The distributions of the two probabilities suggest that, within each class, more than one normal distribution is represented. This could be evidence of a few pre-clinical healthy individuals and a few only moderately pathological subjects.

The fact that RWA with \(\alpha =-1\) performs better in discriminating healthy from pathological subjects could be related to physiological evidences: myocardial infarction is a particularly localized pathology. It can be transmural or subendocardial, but in both cases a relatively small region of LV is interested. This region can be found at several LV locations, and \(\alpha =-1\) gives more importance to small scale variations; this is coherent with this particular type of pathology. On the opposite, for example, a pathology that moulds the entire LV shape, such as Aortic Regurgitation could be better discriminated using \(\alpha =1\). Testing this is beyond the scope of the present paper.

However, this result suggests that a tuned evaluation of deformation could correlate with the deep nature of pathology. Another result that should be commented is the evidence that the full shape (i.e. epicardium+endocardium) better discriminates than epicardium or endocardium alone. Given that the location of infarction was not known for the available sample of pathological individuals, we can only speculate that the lesser contraction of pathological condition evidenced in Fig. 5 is inevitably related to a lesser extent of myocardial thickness variation and that this feature can only be recognized by analyzing together epicardium and endocardium.

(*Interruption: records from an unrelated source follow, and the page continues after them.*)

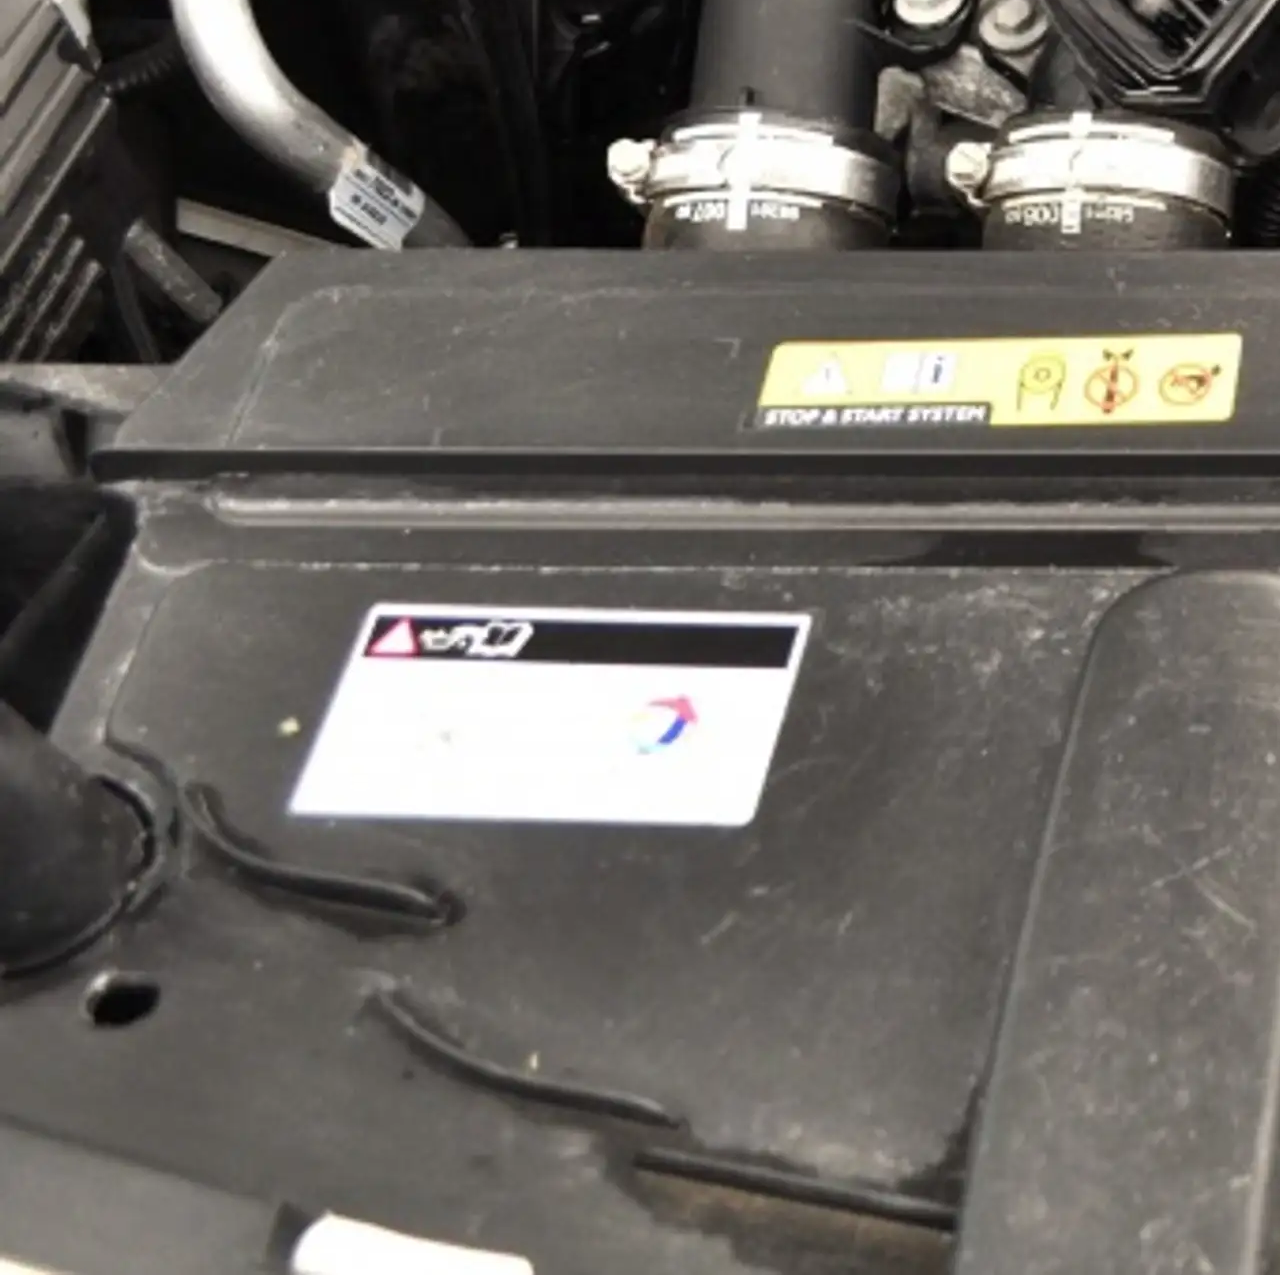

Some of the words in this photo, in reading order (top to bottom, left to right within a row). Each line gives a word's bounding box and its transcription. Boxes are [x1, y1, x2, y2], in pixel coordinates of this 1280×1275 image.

[764, 408, 821, 426] STOP
[841, 408, 904, 424] START
[907, 406, 986, 423] SYSTEM
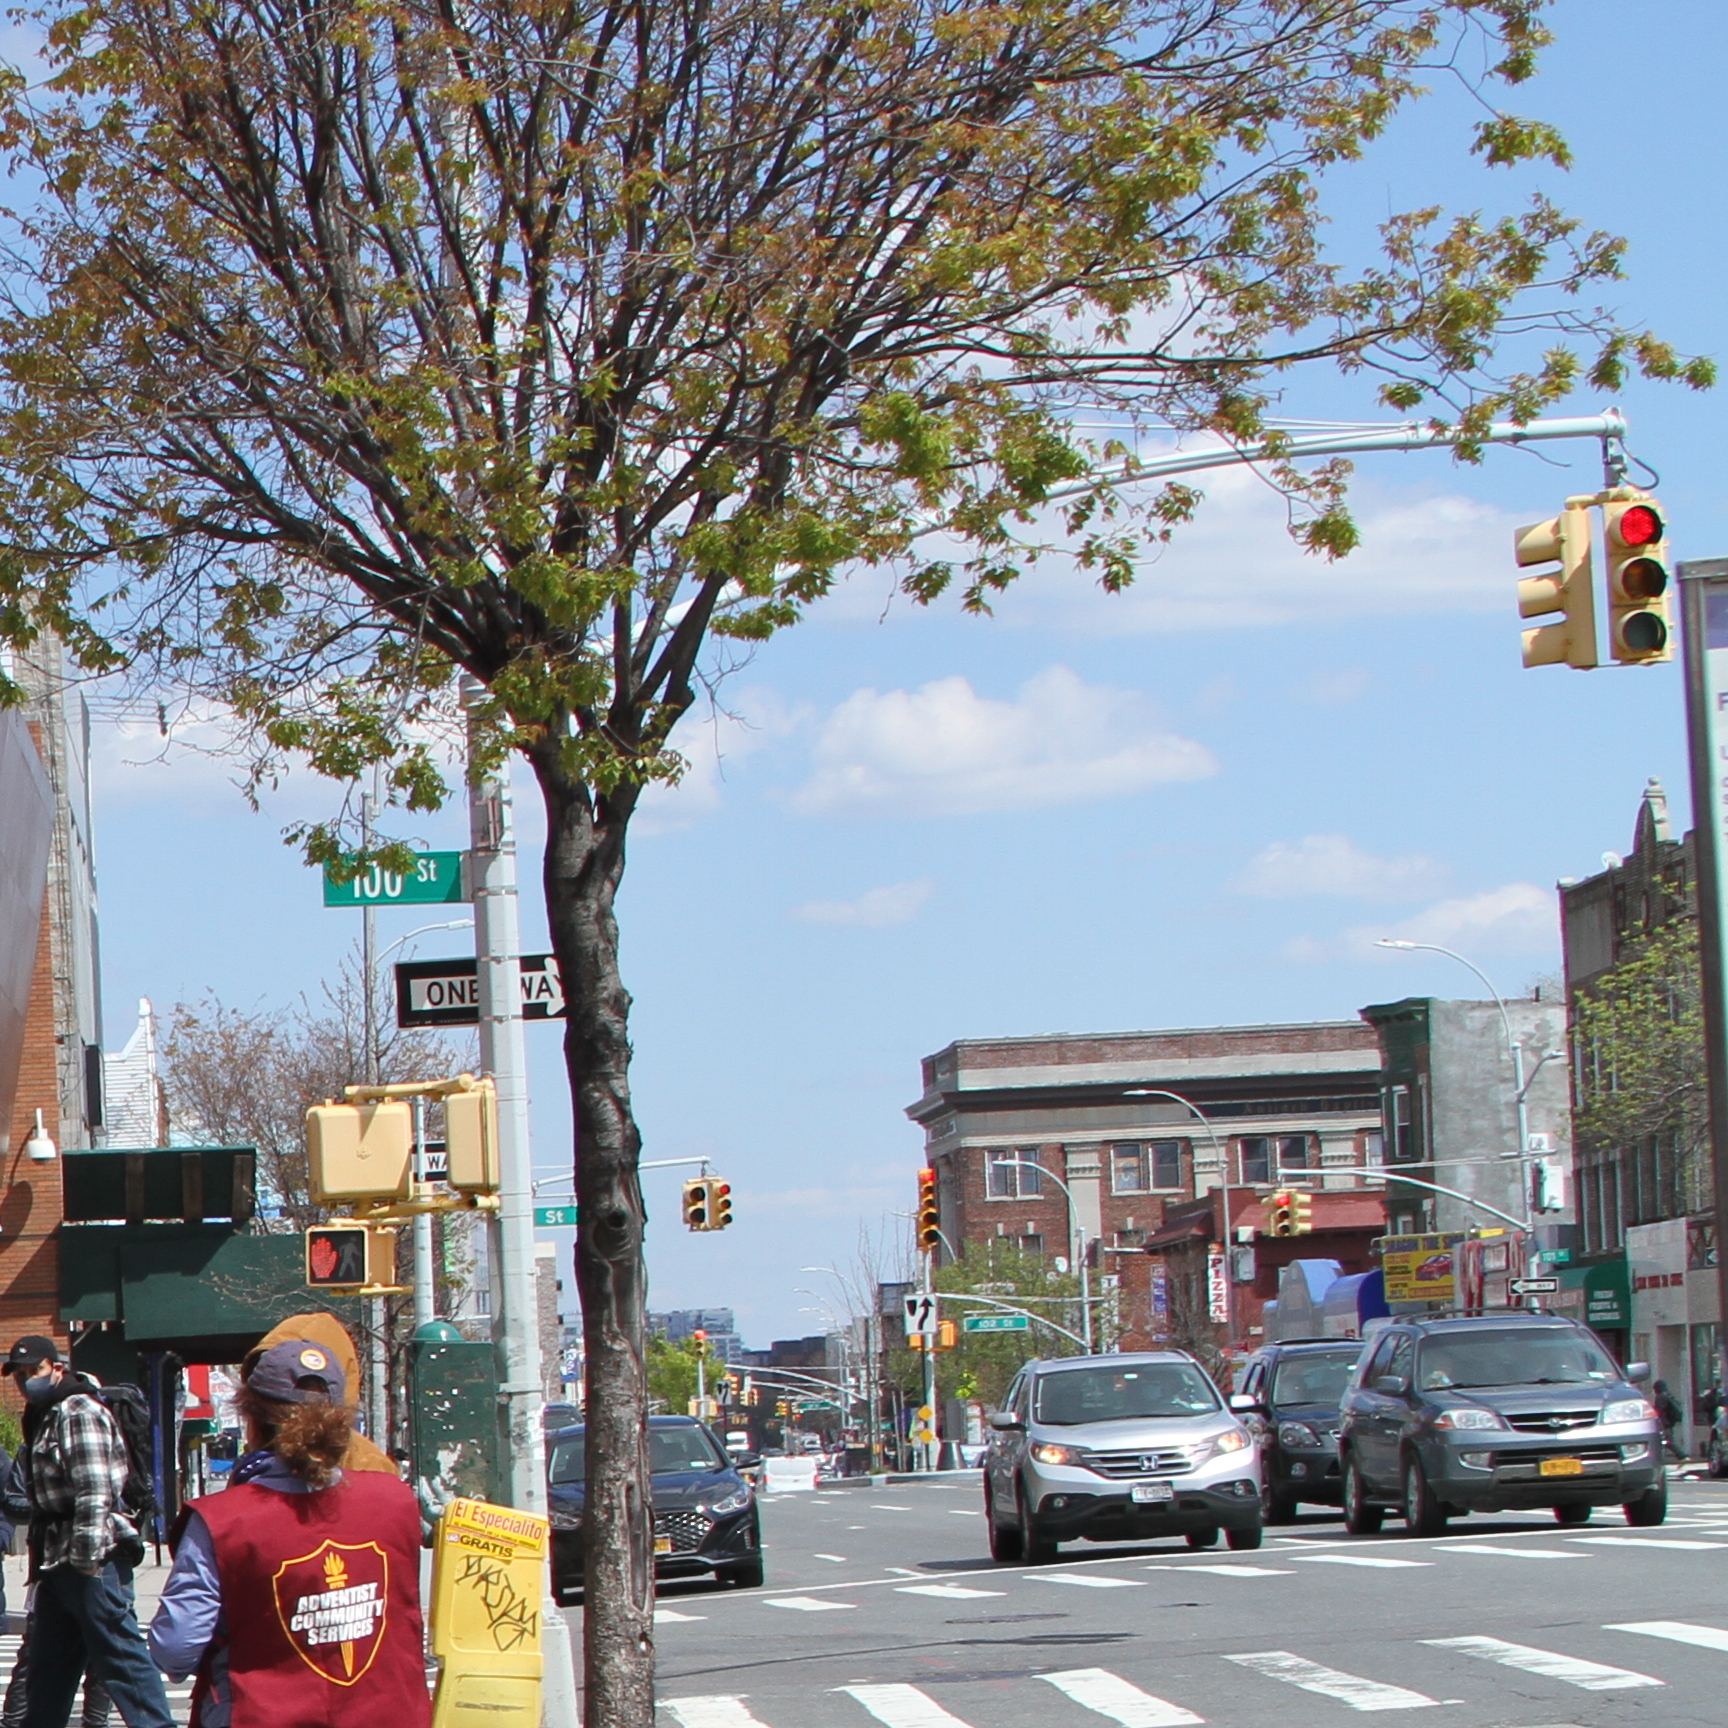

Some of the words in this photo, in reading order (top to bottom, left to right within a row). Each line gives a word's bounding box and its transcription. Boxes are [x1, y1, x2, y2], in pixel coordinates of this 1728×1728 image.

[353, 860, 403, 898] 100
[416, 858, 437, 882] St
[427, 978, 479, 1006] ONE
[545, 1210, 565, 1224] St
[1210, 1257, 1228, 1314] PIZZA
[977, 1320, 997, 1328] 102
[1003, 1319, 1014, 1328] St
[455, 1501, 468, 1518] El
[471, 1505, 542, 1540] Especialito
[460, 1534, 514, 1557] GRATIS
[296, 1582, 378, 1614] ADVENTIST
[290, 1598, 384, 1632] COMMUNITY
[307, 1618, 374, 1646] SERVICES
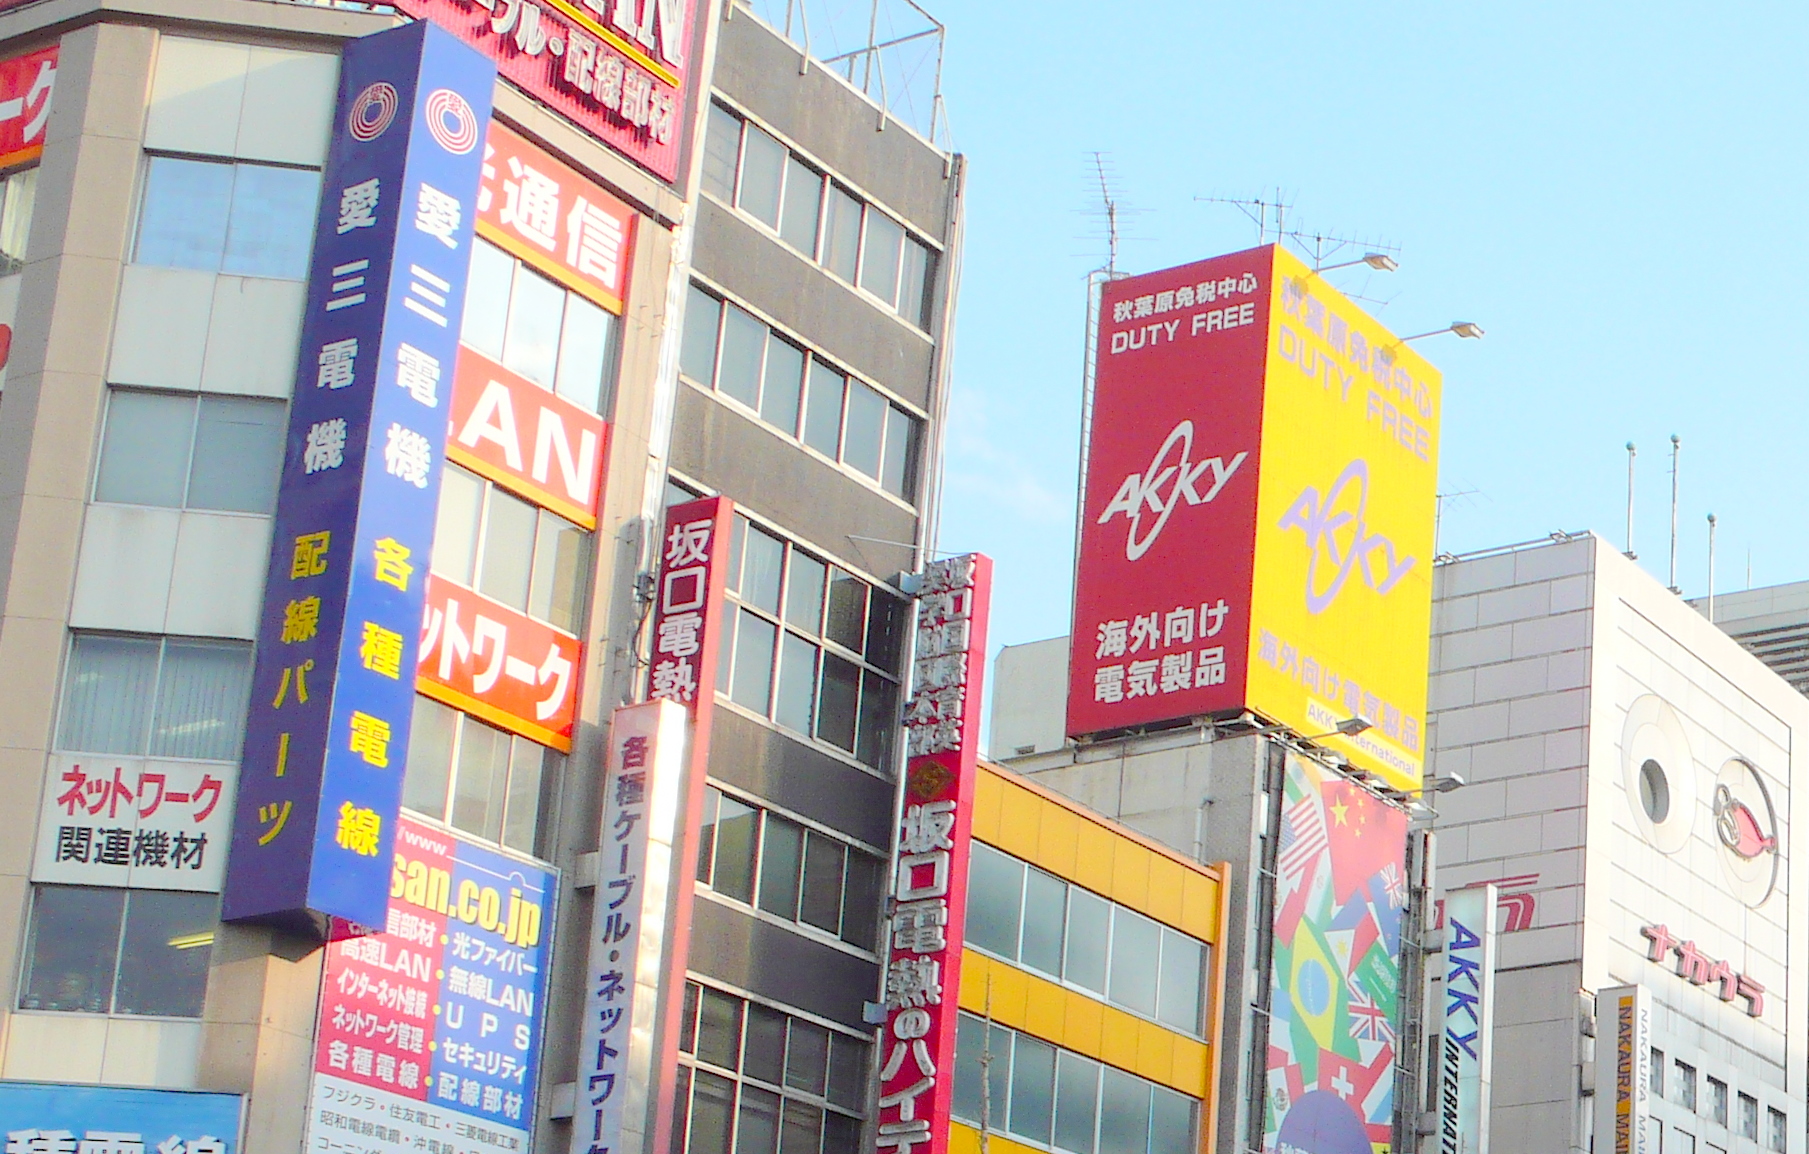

Finally, it has also to be pointed out that the relative age of infarction, whose information was missing in the blind dataset, might be a further factor contributing to diagnostic accuracy. It is in fact well known that LV undergoes a time-dependent overall shape change post-infarction which was variably interpreted and measured but is in general termed “remodeling”, just to underscore that not only the infarcted area but also the remaining still healthy LVs undergo modifications to adapt, globally, to the loss of viable contracting muscle. As remodeling might be minimal in some cases due to a little recent infarction or to a relatively old one and stabilized, the double normal distributions seen in Fig. 6 (pathological side) might represent these conditions. On the other hand, subclinical and localized ischemia might, on the “healthy” side, explain the double distribution there. Clearly, these are speculations and only the full disclosure of the blind database will enable adequate considerations.

4 Conclusions

Deformation analysis performs better than shape analysis alone in detecting pathology. This can be done by adding the PT to standard GPA+PCA. This allows recovering the attributes linked to the contraction process per-se that, ultimately, follows the mechanics of heart functioning. Filtering inter-individual shape differences becomes, thus, very important when exploring systo-diastolic shape changes occurring in a blind sample of healthy subjects and patients affected by Myocardial Infarction.